::: Extracted entries :::

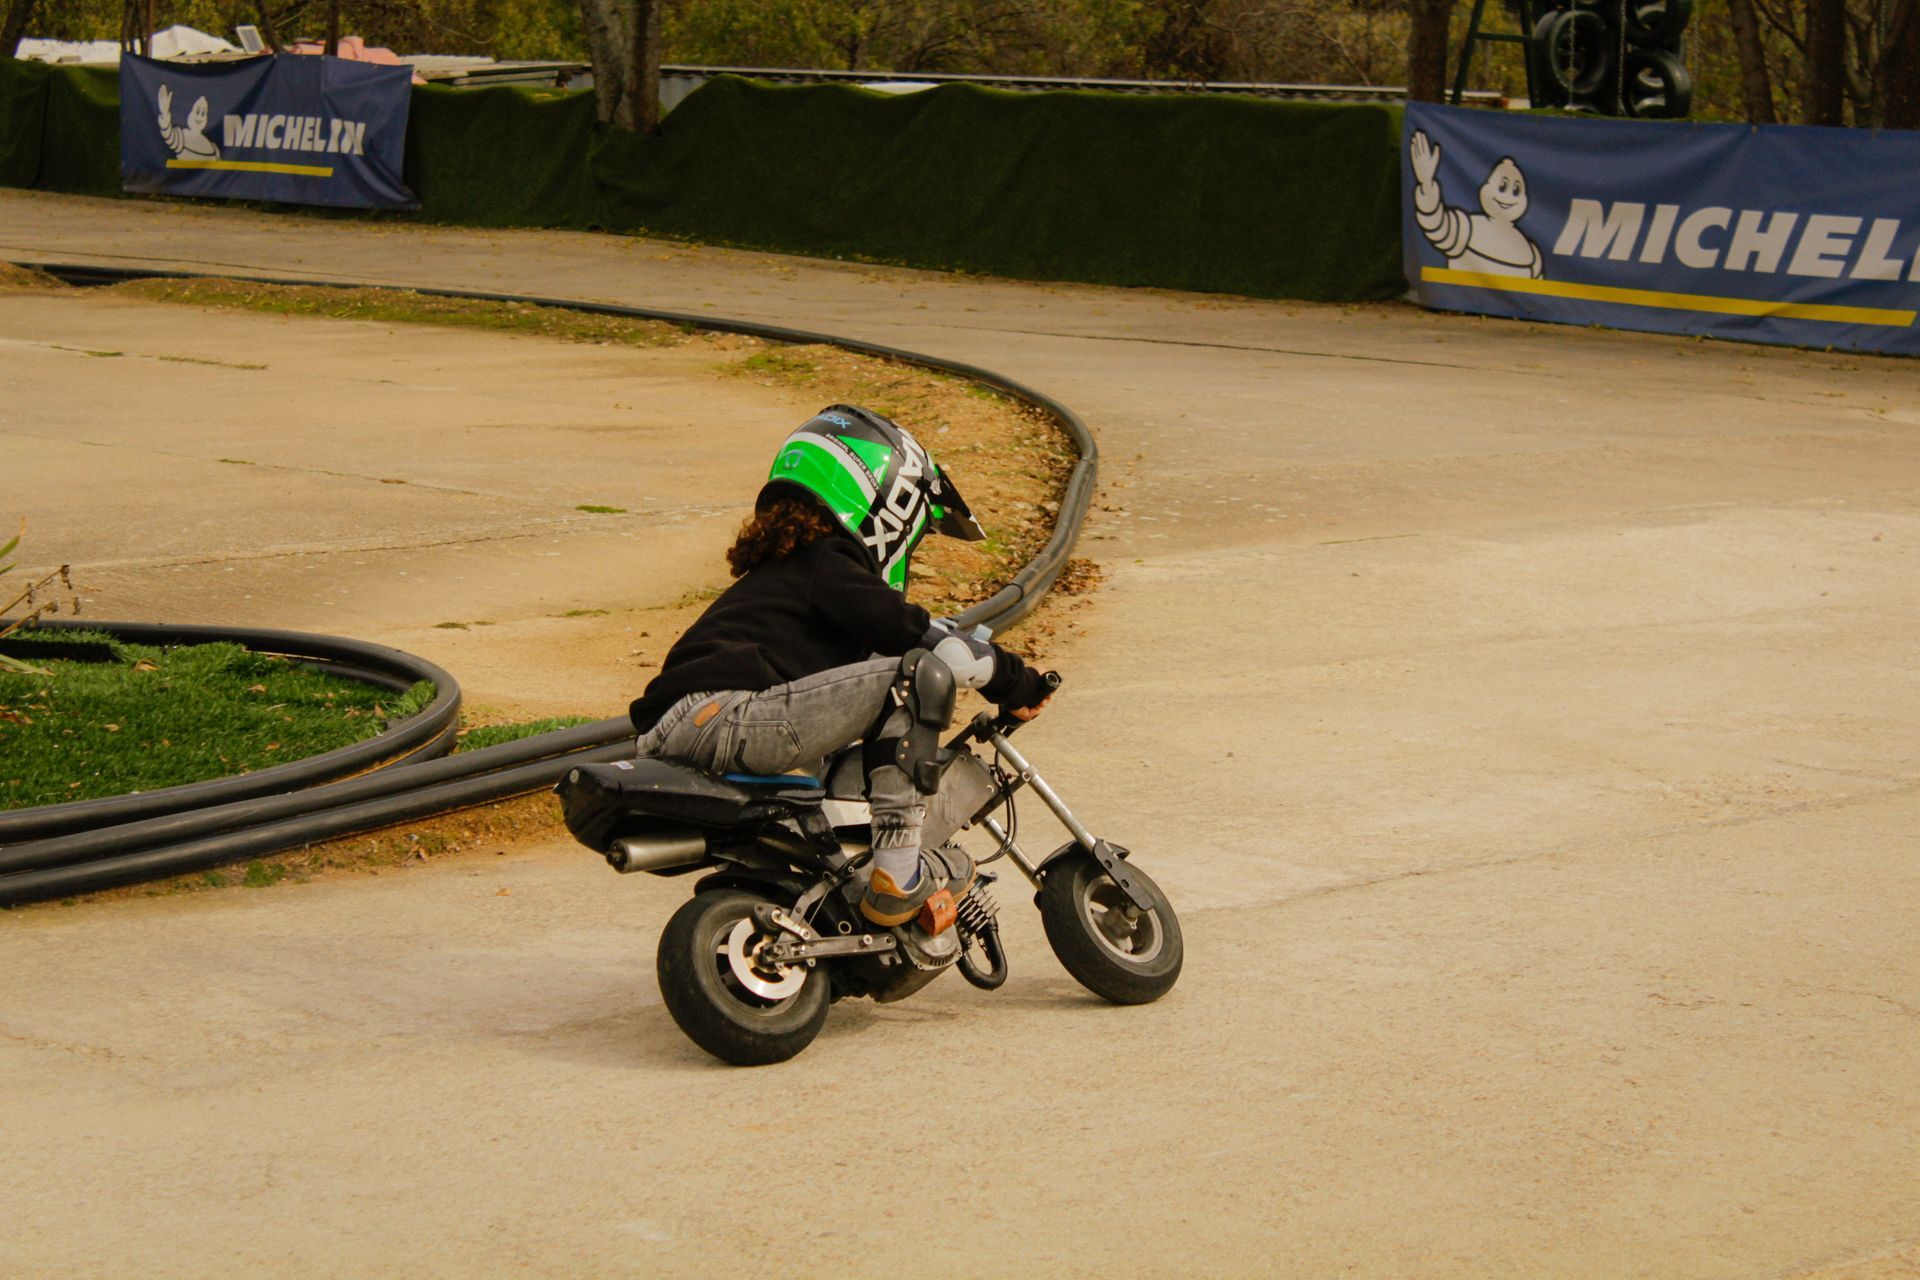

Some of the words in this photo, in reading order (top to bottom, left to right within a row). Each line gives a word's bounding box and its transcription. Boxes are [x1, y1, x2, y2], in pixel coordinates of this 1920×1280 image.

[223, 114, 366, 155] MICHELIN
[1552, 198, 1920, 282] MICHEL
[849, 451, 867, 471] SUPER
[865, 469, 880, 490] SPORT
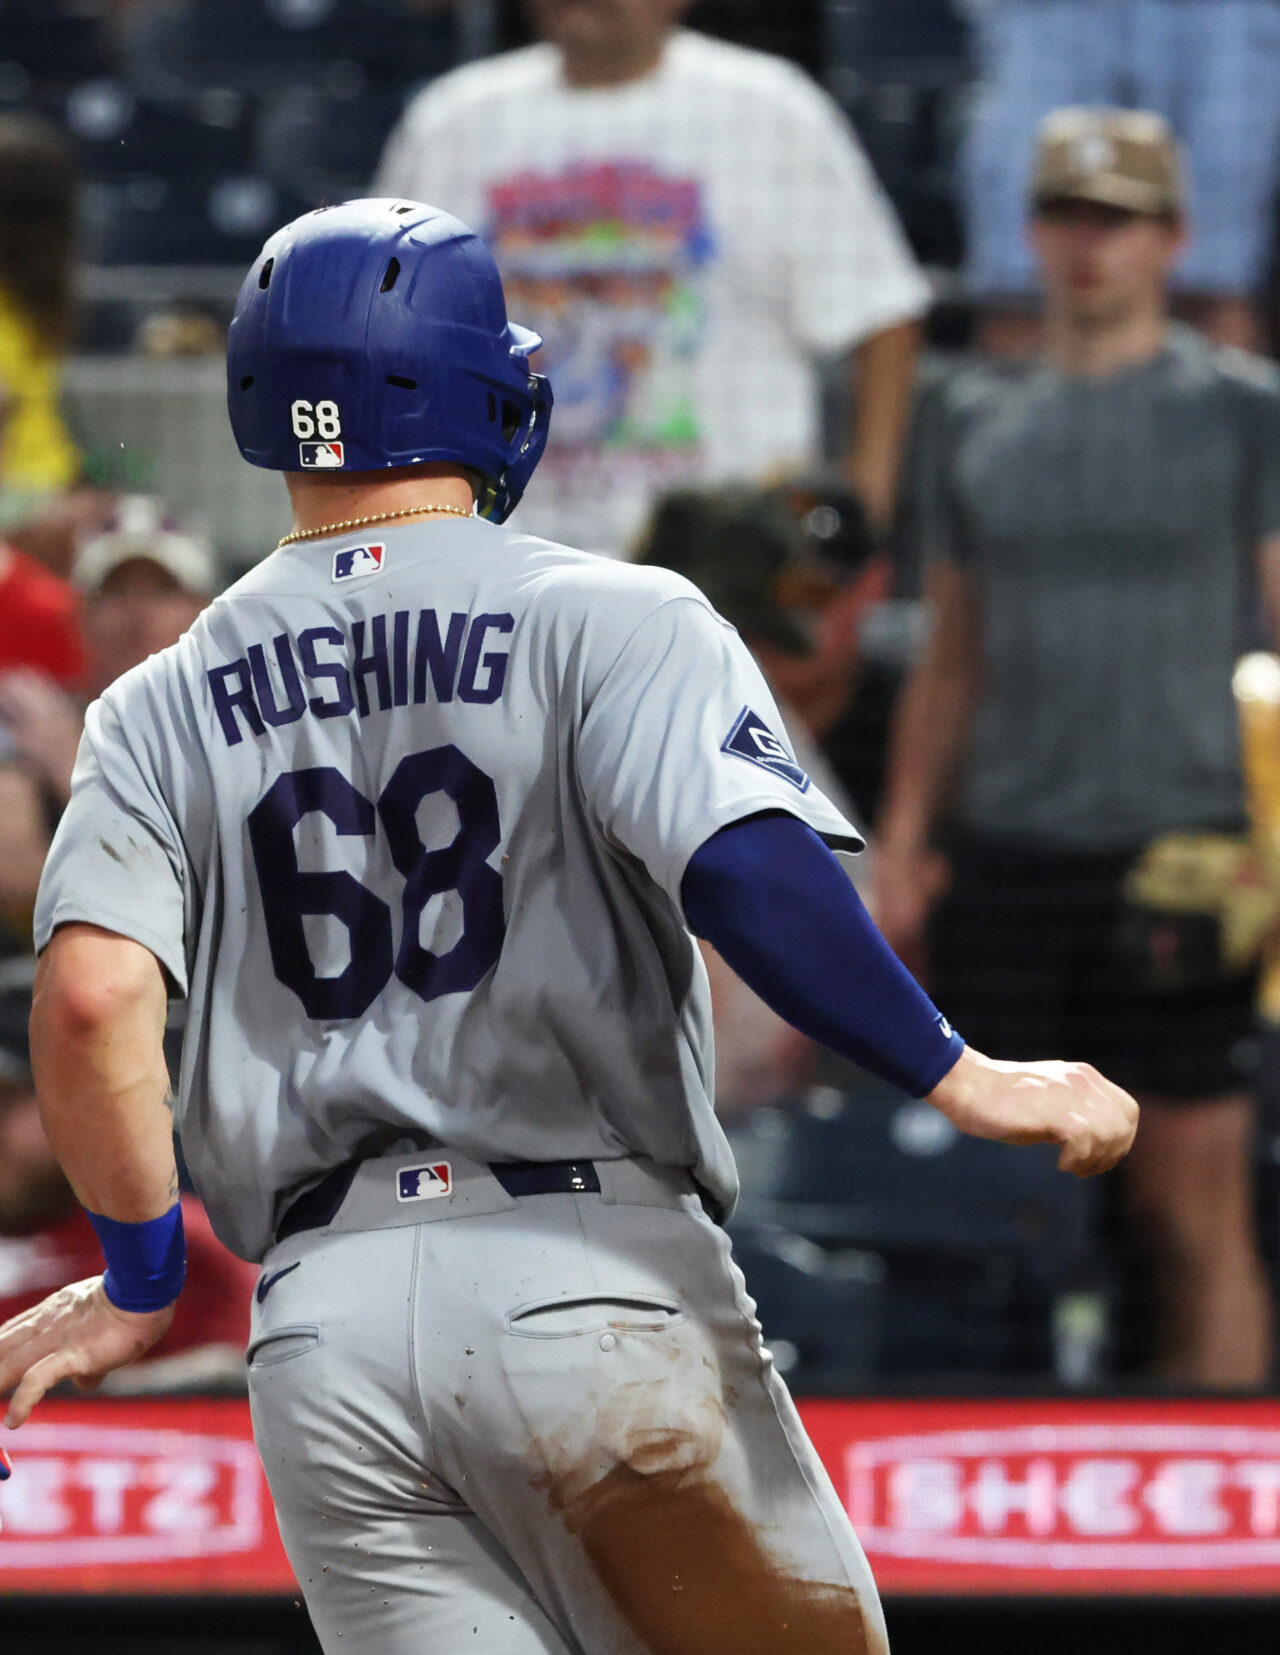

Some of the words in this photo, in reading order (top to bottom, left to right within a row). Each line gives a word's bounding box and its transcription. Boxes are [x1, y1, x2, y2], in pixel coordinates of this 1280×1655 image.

:::

→ Try it
Please repeat the data above exactly as it appears, pictures excluded.

→ Task output
Some of the words in this photo, in reading order (top to bottom, left to right within a row). Each line gives a word's bounding box and its transcription. Boxes are [x1, y1, x2, y2], in pixel coordinates of this 1920×1280 image.

[223, 114, 366, 155] MICHELIN
[1552, 198, 1920, 282] MICHEL
[849, 451, 867, 471] SUPER
[865, 469, 880, 490] SPORT

Some of the words in this photo, in reading order (top to bottom, left to right within a row). Each line gives a word's bounding box and its transcription. Boxes are [x1, y1, x2, y2], in pixel coordinates of this 1280×1655 image.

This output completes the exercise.